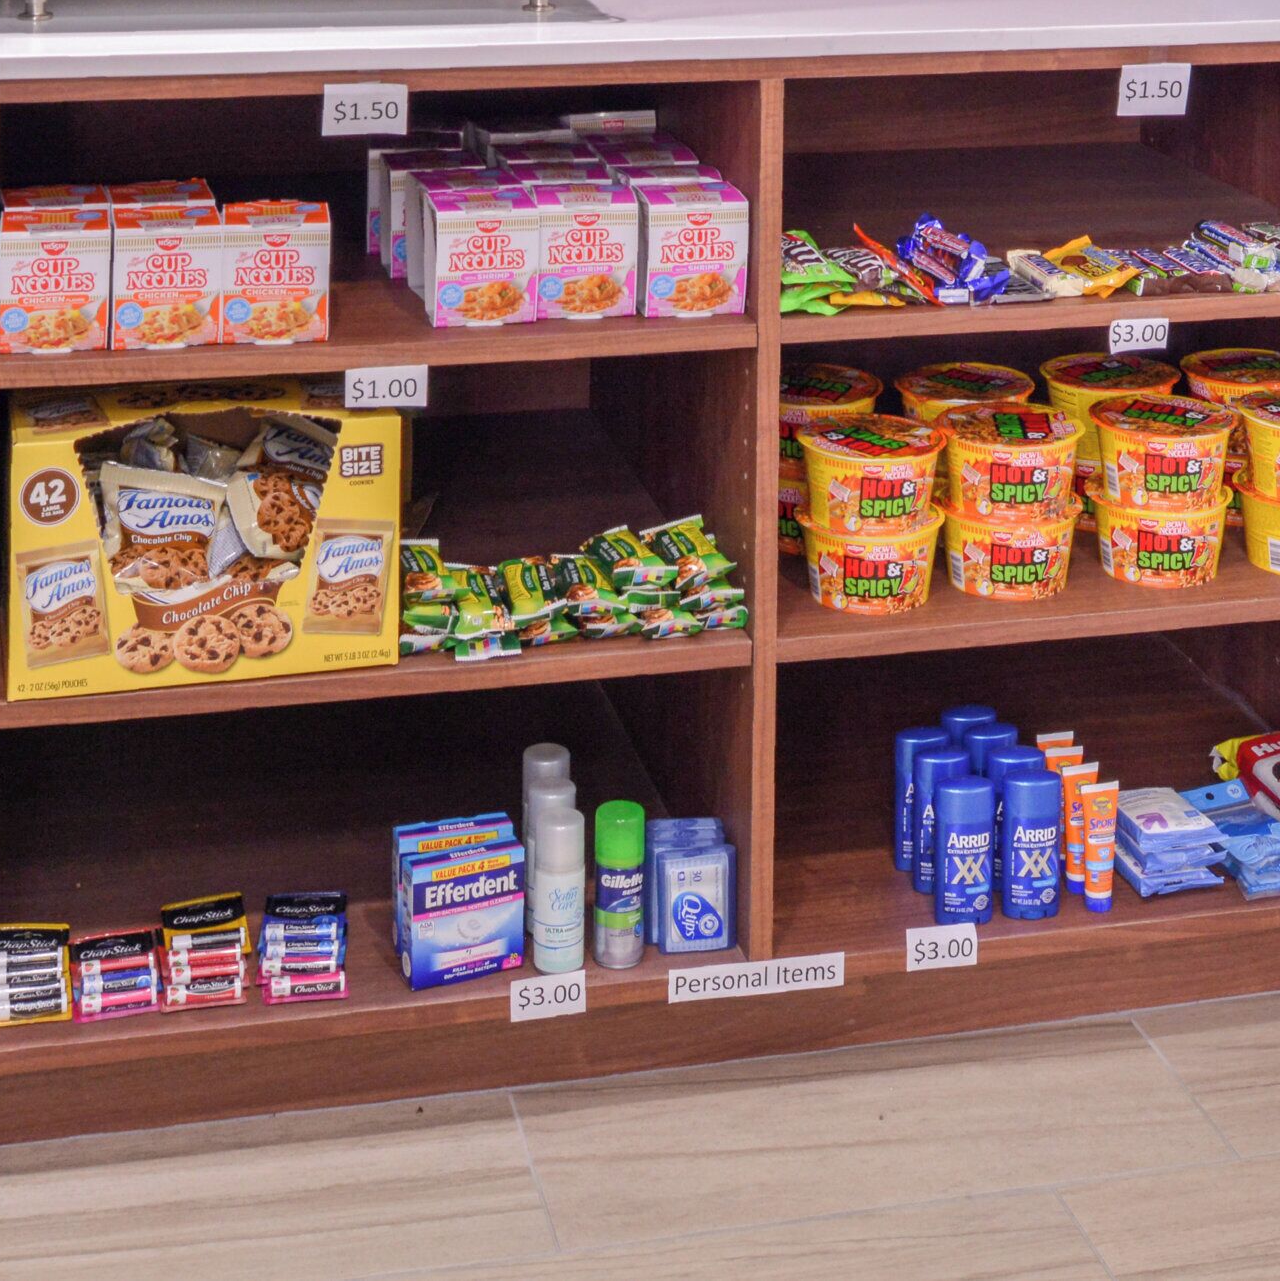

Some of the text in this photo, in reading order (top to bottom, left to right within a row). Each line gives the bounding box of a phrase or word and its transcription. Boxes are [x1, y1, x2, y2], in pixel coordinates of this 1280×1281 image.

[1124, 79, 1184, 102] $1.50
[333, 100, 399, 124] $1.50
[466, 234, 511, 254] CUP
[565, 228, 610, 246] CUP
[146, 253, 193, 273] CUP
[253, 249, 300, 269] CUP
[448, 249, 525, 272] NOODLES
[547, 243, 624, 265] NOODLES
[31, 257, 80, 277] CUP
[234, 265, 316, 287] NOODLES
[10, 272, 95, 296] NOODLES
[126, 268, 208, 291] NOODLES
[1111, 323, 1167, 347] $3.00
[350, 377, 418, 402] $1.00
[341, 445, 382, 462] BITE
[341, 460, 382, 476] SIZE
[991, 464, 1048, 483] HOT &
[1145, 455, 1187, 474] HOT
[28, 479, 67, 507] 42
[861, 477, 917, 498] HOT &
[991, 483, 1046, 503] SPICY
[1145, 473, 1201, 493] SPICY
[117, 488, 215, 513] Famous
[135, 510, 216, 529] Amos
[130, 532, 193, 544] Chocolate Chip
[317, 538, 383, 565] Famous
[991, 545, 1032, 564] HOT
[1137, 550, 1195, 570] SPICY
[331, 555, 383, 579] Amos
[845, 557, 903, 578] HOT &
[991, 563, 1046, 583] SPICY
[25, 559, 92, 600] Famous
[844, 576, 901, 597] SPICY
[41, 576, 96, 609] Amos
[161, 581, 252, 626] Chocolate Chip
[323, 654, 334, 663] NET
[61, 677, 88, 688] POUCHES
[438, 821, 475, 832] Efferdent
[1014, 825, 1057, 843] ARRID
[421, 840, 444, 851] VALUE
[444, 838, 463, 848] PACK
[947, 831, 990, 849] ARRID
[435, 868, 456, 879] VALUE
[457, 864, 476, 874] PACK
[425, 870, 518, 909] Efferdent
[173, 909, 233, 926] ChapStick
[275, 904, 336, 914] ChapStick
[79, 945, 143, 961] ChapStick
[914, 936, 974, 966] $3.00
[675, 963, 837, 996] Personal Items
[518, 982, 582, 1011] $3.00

■ ■ ■ ■

### Your assignment
Reproduce each line above precisely, with no pictures.

### Task response
Some of the text in this photo, in reading order (top to bottom, left to right within a row). Each line gives the bounding box of a phrase or word and its transcription. Boxes are [x1, y1, x2, y2], in pixel coordinates of this 1280×1281 image.

[1124, 79, 1184, 102] $1.50
[333, 100, 399, 124] $1.50
[466, 234, 511, 254] CUP
[565, 228, 610, 246] CUP
[146, 253, 193, 273] CUP
[253, 249, 300, 269] CUP
[448, 249, 525, 272] NOODLES
[547, 243, 624, 265] NOODLES
[31, 257, 80, 277] CUP
[234, 265, 316, 287] NOODLES
[10, 272, 95, 296] NOODLES
[126, 268, 208, 291] NOODLES
[1111, 323, 1167, 347] $3.00
[350, 377, 418, 402] $1.00
[341, 445, 382, 462] BITE
[341, 460, 382, 476] SIZE
[991, 464, 1048, 483] HOT &
[1145, 455, 1187, 474] HOT
[28, 479, 67, 507] 42
[861, 477, 917, 498] HOT &
[991, 483, 1046, 503] SPICY
[1145, 473, 1201, 493] SPICY
[117, 488, 215, 513] Famous
[135, 510, 216, 529] Amos
[130, 532, 193, 544] Chocolate Chip
[317, 538, 383, 565] Famous
[991, 545, 1032, 564] HOT
[1137, 550, 1195, 570] SPICY
[331, 555, 383, 579] Amos
[845, 557, 903, 578] HOT &
[991, 563, 1046, 583] SPICY
[25, 559, 92, 600] Famous
[844, 576, 901, 597] SPICY
[41, 576, 96, 609] Amos
[161, 581, 252, 626] Chocolate Chip
[323, 654, 334, 663] NET
[61, 677, 88, 688] POUCHES
[438, 821, 475, 832] Efferdent
[1014, 825, 1057, 843] ARRID
[421, 840, 444, 851] VALUE
[444, 838, 463, 848] PACK
[947, 831, 990, 849] ARRID
[435, 868, 456, 879] VALUE
[457, 864, 476, 874] PACK
[425, 870, 518, 909] Efferdent
[173, 909, 233, 926] ChapStick
[275, 904, 336, 914] ChapStick
[79, 945, 143, 961] ChapStick
[914, 936, 974, 966] $3.00
[675, 963, 837, 996] Personal Items
[518, 982, 582, 1011] $3.00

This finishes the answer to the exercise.